From mboxrd@z Thu Jan  1 00:00:00 1970
Return-Path: <SRS0=TyQv=57=vger.kernel.org=kvm-owner@kernel.org>
X-Spam-Checker-Version: SpamAssassin 3.4.0 (2014-02-07) on
	aws-us-west-2-korg-lkml-1.web.codeaurora.org
X-Spam-Level: 
X-Spam-Status: No, score=-2.2 required=3.0 tests=HEADER_FROM_DIFFERENT_DOMAINS,
	MAILING_LIST_MULTI,SPF_HELO_NONE,SPF_PASS,USER_AGENT_SANE_1 autolearn=no
	autolearn_force=no version=3.4.0
Received: from mail.kernel.org (mail.kernel.org [198.145.29.99])

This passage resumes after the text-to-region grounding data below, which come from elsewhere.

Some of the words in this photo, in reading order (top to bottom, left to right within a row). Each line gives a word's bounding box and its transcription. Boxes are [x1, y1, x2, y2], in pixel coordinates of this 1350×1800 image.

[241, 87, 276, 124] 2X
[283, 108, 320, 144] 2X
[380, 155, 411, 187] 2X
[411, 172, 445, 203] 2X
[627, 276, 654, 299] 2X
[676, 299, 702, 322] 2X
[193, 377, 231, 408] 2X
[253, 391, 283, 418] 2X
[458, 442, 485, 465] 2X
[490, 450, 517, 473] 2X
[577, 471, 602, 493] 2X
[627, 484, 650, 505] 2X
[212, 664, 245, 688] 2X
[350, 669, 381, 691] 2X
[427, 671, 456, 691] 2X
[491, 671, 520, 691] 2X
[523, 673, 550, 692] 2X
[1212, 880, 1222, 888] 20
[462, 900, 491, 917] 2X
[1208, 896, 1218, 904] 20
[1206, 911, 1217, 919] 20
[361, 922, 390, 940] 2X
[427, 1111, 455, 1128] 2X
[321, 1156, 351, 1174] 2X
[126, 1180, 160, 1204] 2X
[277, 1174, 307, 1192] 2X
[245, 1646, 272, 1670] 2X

	by smtp.lore.kernel.org (Postfix) with ESMTP id 7F1B8C3815B
	for <kvm@archiver.kernel.org>; Wed, 15 Apr 2020 21:43:33 +0000 (UTC)

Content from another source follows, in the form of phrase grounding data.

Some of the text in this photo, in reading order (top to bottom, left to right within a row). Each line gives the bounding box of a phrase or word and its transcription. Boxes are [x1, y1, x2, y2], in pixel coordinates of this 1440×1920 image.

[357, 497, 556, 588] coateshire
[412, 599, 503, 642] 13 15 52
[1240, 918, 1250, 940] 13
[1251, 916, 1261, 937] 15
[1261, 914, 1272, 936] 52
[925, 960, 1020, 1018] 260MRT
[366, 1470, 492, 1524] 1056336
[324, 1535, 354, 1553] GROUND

Received: from vger.kernel.org (vger.kernel.org [23.128.96.18])
	by mail.kernel.org (Postfix) with ESMTP id 62790206E9
	for <kvm@archiver.kernel.org>; Wed, 15 Apr 2020 21:43:33 +0000 (UTC)
Received: (majordomo@vger.kernel.org) by vger.kernel.org via listexpand
        id S1729076AbgDOVnY (ORCPT <rfc822;kvm@archiver.kernel.org>);
        Wed, 15 Apr 2020 17:43:24 -0400
Received: from mga11.intel.com ([192.55.52.93]:9571 "EHLO mga11.intel.com"

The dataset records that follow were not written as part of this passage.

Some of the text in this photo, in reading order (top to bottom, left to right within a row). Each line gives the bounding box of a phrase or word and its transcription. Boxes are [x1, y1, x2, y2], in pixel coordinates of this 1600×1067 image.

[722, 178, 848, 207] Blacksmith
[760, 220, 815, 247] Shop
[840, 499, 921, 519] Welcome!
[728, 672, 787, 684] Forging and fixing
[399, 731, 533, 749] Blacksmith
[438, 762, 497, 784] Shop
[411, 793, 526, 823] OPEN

        rhost-flags-OK-OK-OK-OK) by vger.kernel.org with ESMTP
        id S1727857AbgDOVnV (ORCPT <rfc822;kvm@vger.kernel.org>);
        Wed, 15 Apr 2020 17:43:21 -0400
IronPort-SDR: I4LH1FEHBptE5b8N46LWHcWLxgUiTllkEr0LvlG9gZe8Qt3dD+01ROkf7Y7sVvZJwxanWjbKIP
 StzjQCBw6d0Q==
X-Amp-Result: SKIPPED(no attachment in message)
X-Amp-File-Uploaded: False
Received: from fmsmga008.fm.intel.com ([10.253.24.58])
  by fmsmga102.fm.intel.com with ESMTP/TLS/ECDHE-RSA-AES256-GCM-SHA384; 15 Apr 2020 14:43:19 -0700
IronPort-SDR: kx6QiFpOyjGzocJB/ShKm3geMyUxKR01fZFLb3v5KAWCylDDv9K6QNIEbeliIV3Zt+gFwsYllu
 K8jnOVZWs72A==
X-ExtLoop1: 1
X-IronPort-AV: E=Sophos;i="5.72,388,1580803200"; 
   d="scan'208";a="245797253"
Received: from sjchrist-coffee.jf.intel.com (HELO linux.intel.com) ([10.54.74.202])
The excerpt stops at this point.